Quand le suicide est qualifié d’accident du travail par les juges espagnols : commentaire de la décision du Tribunal Supérieur de Justice de Catalogne du 30 mai 2001, par Marie Lécole

     Depuis une dizaine d’années on assiste, en France comme en Espagne, à une flexibilisation du concept d'accident du travail, les juges ayant aujourd'hui tendance à accepter de qualifier un suicide lié au travail d'accident du travail. Ceci répond aux réelles préoccupations de la société quant au stress et aux mauvaises conditions de travail, débat ayant pour origine le numéro croissant de suicides d’employés de grandes entreprises. Et dans ce domaine, la France détient les plus tristes records avec, on s'en souvient, l'affaire Renault ou bien encore l'affaire France Telecom, entreprise dont pas moins de 29 salariés se sont donné la mort durant le seul été 2009. Coïncidences? Probablement pas.

Ainsi, le 13 avril 2009, le Tribunal des affaires de Sécurité Sociale (TASS) de Tours a rendu un jugement estimant que le suicide d’un technicien employé d'une centrale nucléaire d’EDF était du à ses conditions de travail, ceci en reconnaissant la dépression l'ayant poussé au suicide comme maladie professionnelle. Exemple parmi d'autres, le 9 juin 2011, la Cour d'Appel de Versailles a reconnu comme accident du travail le suicide d'un technicien de l'entreprise Renault, conséquence d’un stress professionnel intense.
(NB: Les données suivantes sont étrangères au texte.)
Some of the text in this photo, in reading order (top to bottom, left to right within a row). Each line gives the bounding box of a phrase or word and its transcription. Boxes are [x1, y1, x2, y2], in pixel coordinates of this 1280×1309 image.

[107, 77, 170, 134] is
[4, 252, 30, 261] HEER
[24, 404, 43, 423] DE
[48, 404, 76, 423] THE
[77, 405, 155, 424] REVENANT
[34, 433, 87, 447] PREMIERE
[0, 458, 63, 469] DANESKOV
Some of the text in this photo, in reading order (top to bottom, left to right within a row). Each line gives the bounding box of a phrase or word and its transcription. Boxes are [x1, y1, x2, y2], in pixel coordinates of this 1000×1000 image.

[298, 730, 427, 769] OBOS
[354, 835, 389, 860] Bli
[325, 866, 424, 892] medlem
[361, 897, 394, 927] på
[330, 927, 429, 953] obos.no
Quant à l'Espagne, elle n'est pas en reste, les juges espagnols ayant eux aussi passé le pas de la qualification d'accident du travail pour un suicide, la décision du Tribunal Supérieur de Justice de Catalogne que nous allons commenter a d'ailleurs été pionnière en la matière.

     Cette décision du Tribunal Supérieur de Justice de Catalogne en date du 30 mai 2001 est une des premières en Espagne à considérer le suicide d’un salarié comme un accident du travail. Le principal problème rencontré ici étant celui de la qualification du suicide, acte qui a la particularité d’être volontaire. Alors, comment le qualifier " d'accident " ?
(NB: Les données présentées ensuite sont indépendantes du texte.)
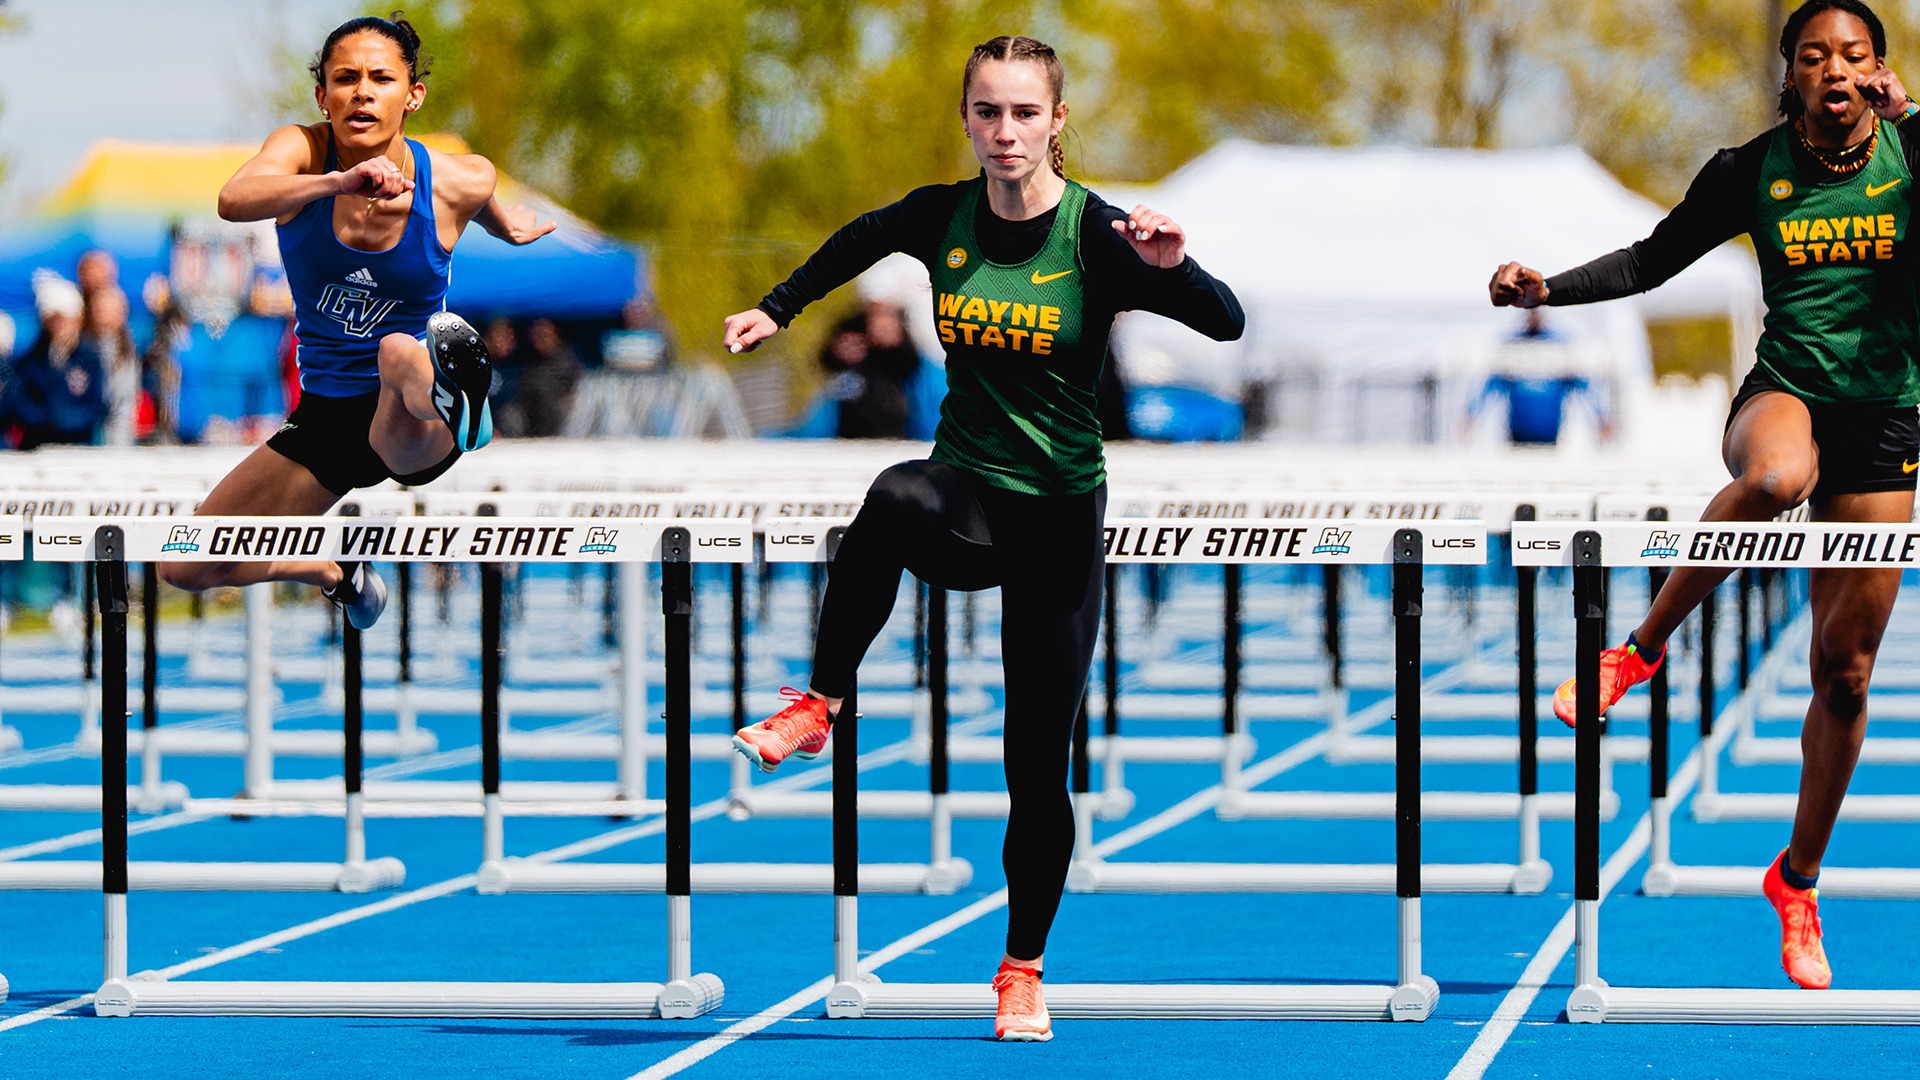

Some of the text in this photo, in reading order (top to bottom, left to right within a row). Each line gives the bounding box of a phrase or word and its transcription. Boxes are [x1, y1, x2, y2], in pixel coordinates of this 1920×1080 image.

[1778, 213, 1897, 243] WAYNE
[1784, 239, 1894, 266] STATE
[345, 276, 378, 288] adidas
[317, 284, 403, 338] GV
[938, 293, 1062, 331] WAYNE
[938, 320, 1055, 356] STATE
[0, 501, 73, 520] RAND
[38, 535, 83, 545] UCS
[208, 526, 575, 556] GRAND VALLEY STATE
[698, 537, 742, 547] UCS
[771, 535, 815, 545] UCS
[1104, 527, 1308, 557] ALLEY STATE
[1432, 538, 1476, 548] UCS
[1517, 540, 1561, 550] UCS
[1687, 531, 1920, 562] GRAND VALLE
Confrontés à cette question, le Tribunal Espagnol a jugé bon de qualifier, non pas le suicide en lui-même, sinon la maladie - dépression - à l'origine du suicide. Reste ensuite à déterminer si cette maladie est qualifiable d'accident du travail, auquel cas le suicide l'est aussi indirectement.

Les conséquences d'une telle qualification sont, pour la famille de la victime, d'ordre symbolique mais aussi économique, puisqu'il s'agit d'une question d'indemnités. D'un point de vue juridique, cela consacre la nécessaire reconnaissance par le droit des conséquences du stress et des mauvaises conditions de travail pour les travailleurs.

Pour parvenir à qualifier le suicide d'accident du travail, les juges du Tribunal Catalan ont du surmonter quelques difficultés liées au caractère volontaire du suicide, à l'application de la présomption légale d'imputabilité de l'accident au travail, ou bien encore à la preuve du lien de causalité entre suicide, maladie et travail.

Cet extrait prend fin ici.